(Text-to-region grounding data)
((
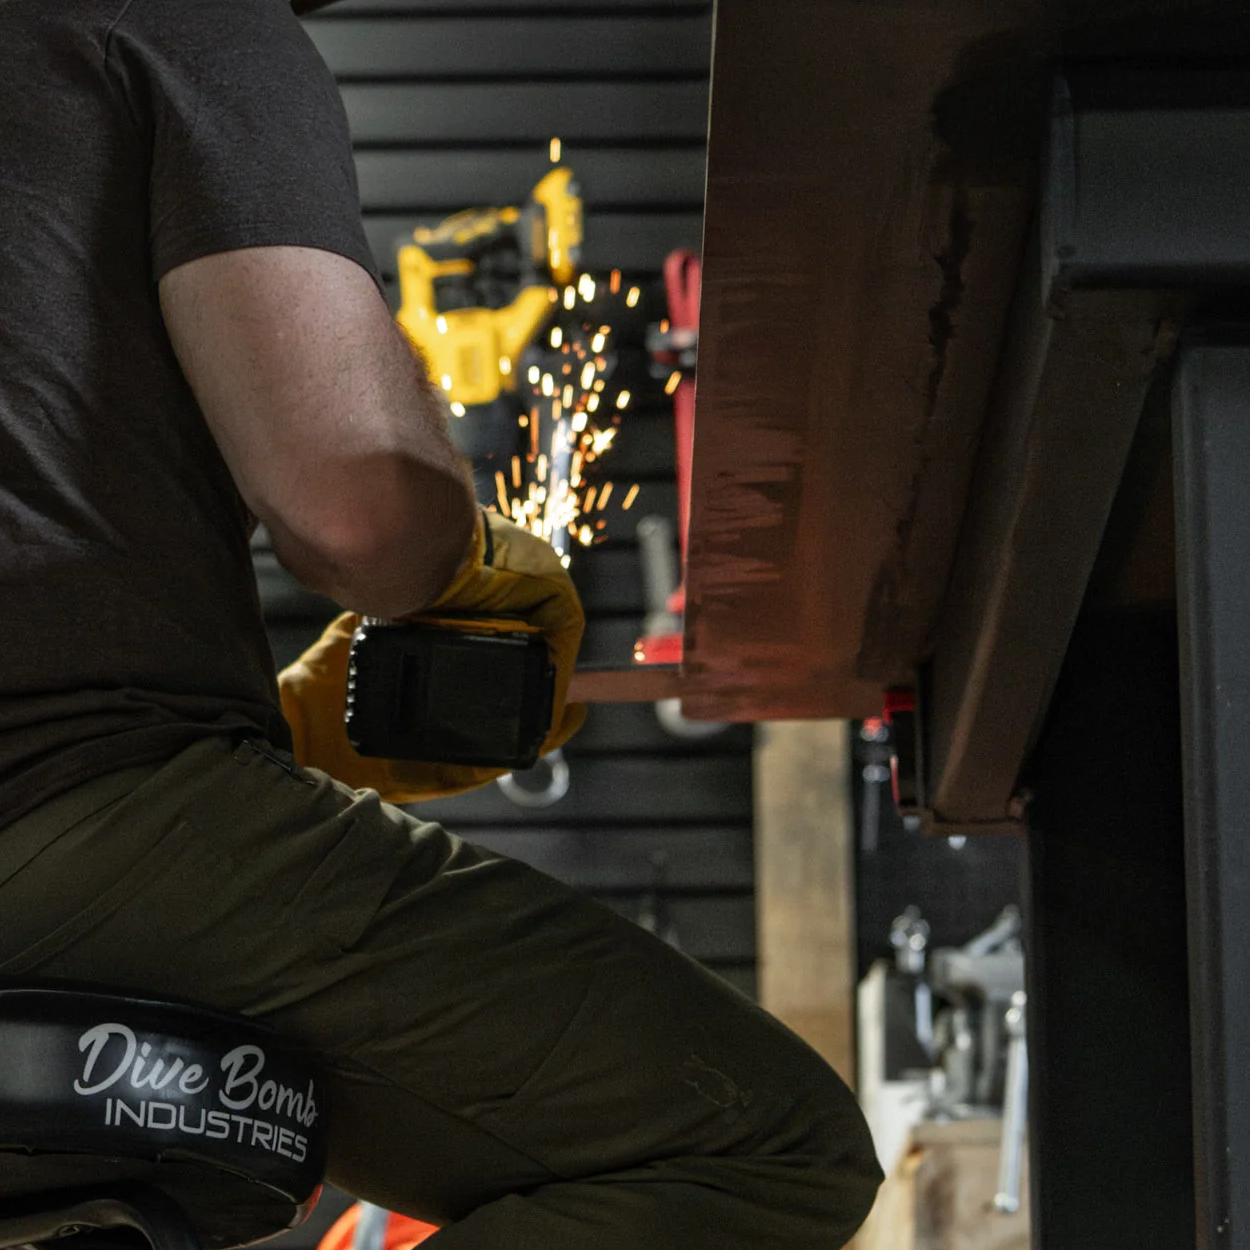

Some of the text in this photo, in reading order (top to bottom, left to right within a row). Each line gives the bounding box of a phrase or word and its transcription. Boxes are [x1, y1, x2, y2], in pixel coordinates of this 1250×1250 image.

[73, 1022, 319, 1128] Dive Bomb
[104, 1098, 308, 1163] INDUSTRIES
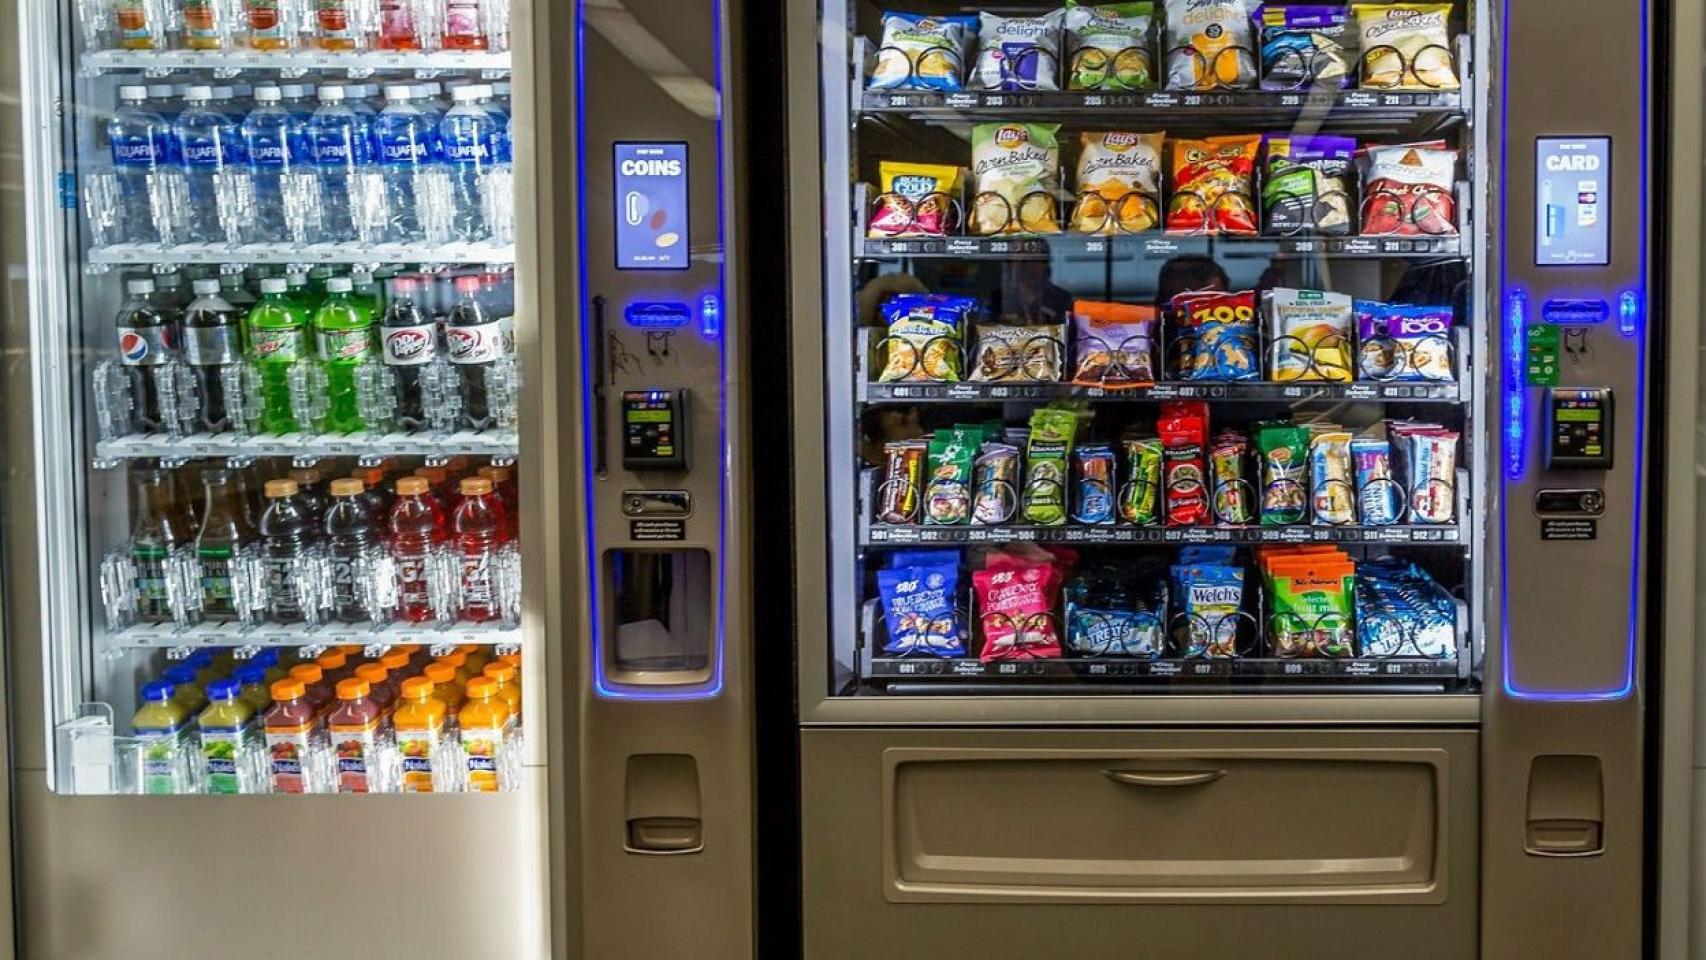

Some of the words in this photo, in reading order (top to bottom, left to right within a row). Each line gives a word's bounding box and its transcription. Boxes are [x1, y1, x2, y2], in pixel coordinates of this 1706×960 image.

[890, 96, 906, 105] 201
[1385, 95, 1399, 104] 211
[1009, 146, 1049, 163] Baked
[1115, 153, 1153, 166] Baked
[1546, 155, 1600, 171] CARD
[621, 160, 681, 176] COINS
[892, 242, 907, 252] 301
[1401, 320, 1443, 333] 100
[871, 531, 887, 540] 501
[921, 531, 938, 540] 502
[969, 531, 986, 540] 503
[1363, 531, 1378, 540] 511
[1412, 531, 1428, 540] 512
[1193, 587, 1240, 602] Welch's
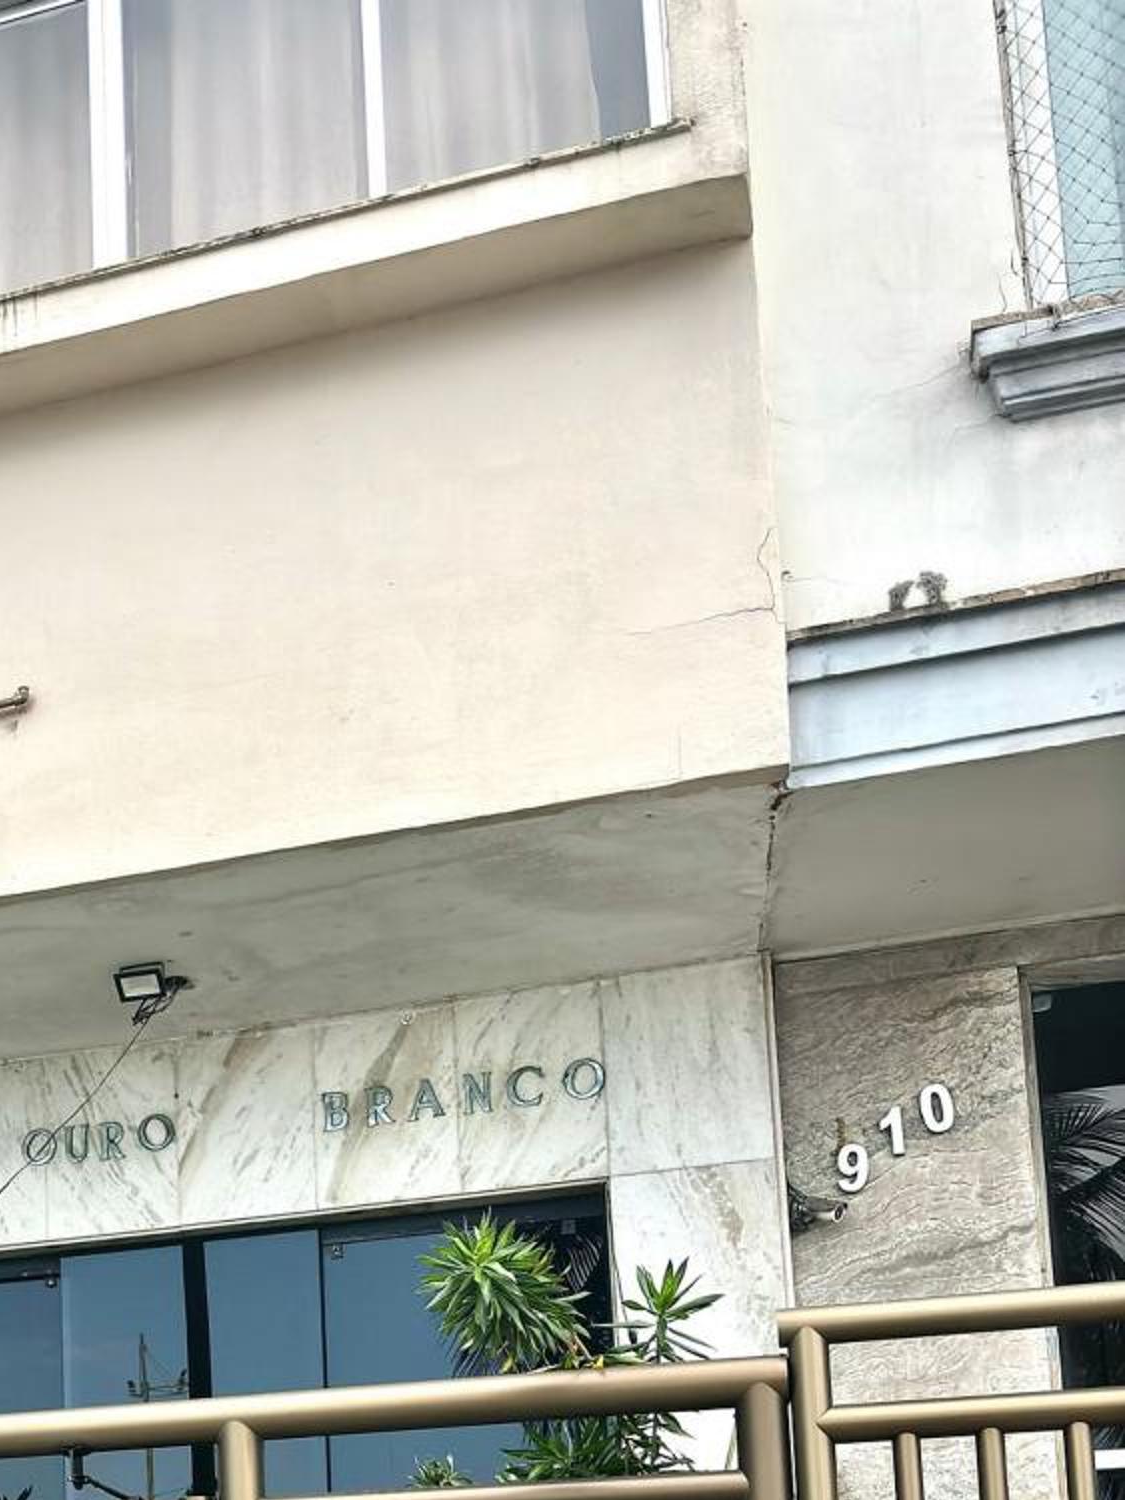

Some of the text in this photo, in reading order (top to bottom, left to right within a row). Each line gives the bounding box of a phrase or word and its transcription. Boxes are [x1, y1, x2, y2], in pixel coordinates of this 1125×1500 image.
))
▶ EXERCISE DETAILS
Output the records verbatim, every one of them, and keep the pictures out.

▶ OUTPUT OF THE TASK
Some of the text in this photo, in reading order (top to bottom, left to right within a row). Each line gives the bounding box of a phrase or word and its transcription. Boxes are [x1, y1, x2, y2], in pixel coordinates of this 1250×1250 image.

[73, 1022, 319, 1128] Dive Bomb
[104, 1098, 308, 1163] INDUSTRIES

Some of the words in this photo, in reading order (top to bottom, left to right within a row). Each line gives a word's bounding box and its transcription. Boxes are [x1, y1, x2, y2], in pixel coordinates of this 1706×960 image.

[890, 96, 906, 105] 201
[1385, 95, 1399, 104] 211
[1009, 146, 1049, 163] Baked
[1115, 153, 1153, 166] Baked
[1546, 155, 1600, 171] CARD
[621, 160, 681, 176] COINS
[892, 242, 907, 252] 301
[1401, 320, 1443, 333] 100
[871, 531, 887, 540] 501
[921, 531, 938, 540] 502
[969, 531, 986, 540] 503
[1363, 531, 1378, 540] 511
[1412, 531, 1428, 540] 512
[1193, 587, 1240, 602] Welch's

Some of the text in this photo, in reading order (top to bottom, left to right within a row). Each line gives the bounding box of a phrase or word and its transcription. Boxes are [x1, y1, x2, y2], in pixel coordinates of this 1125×1500 image.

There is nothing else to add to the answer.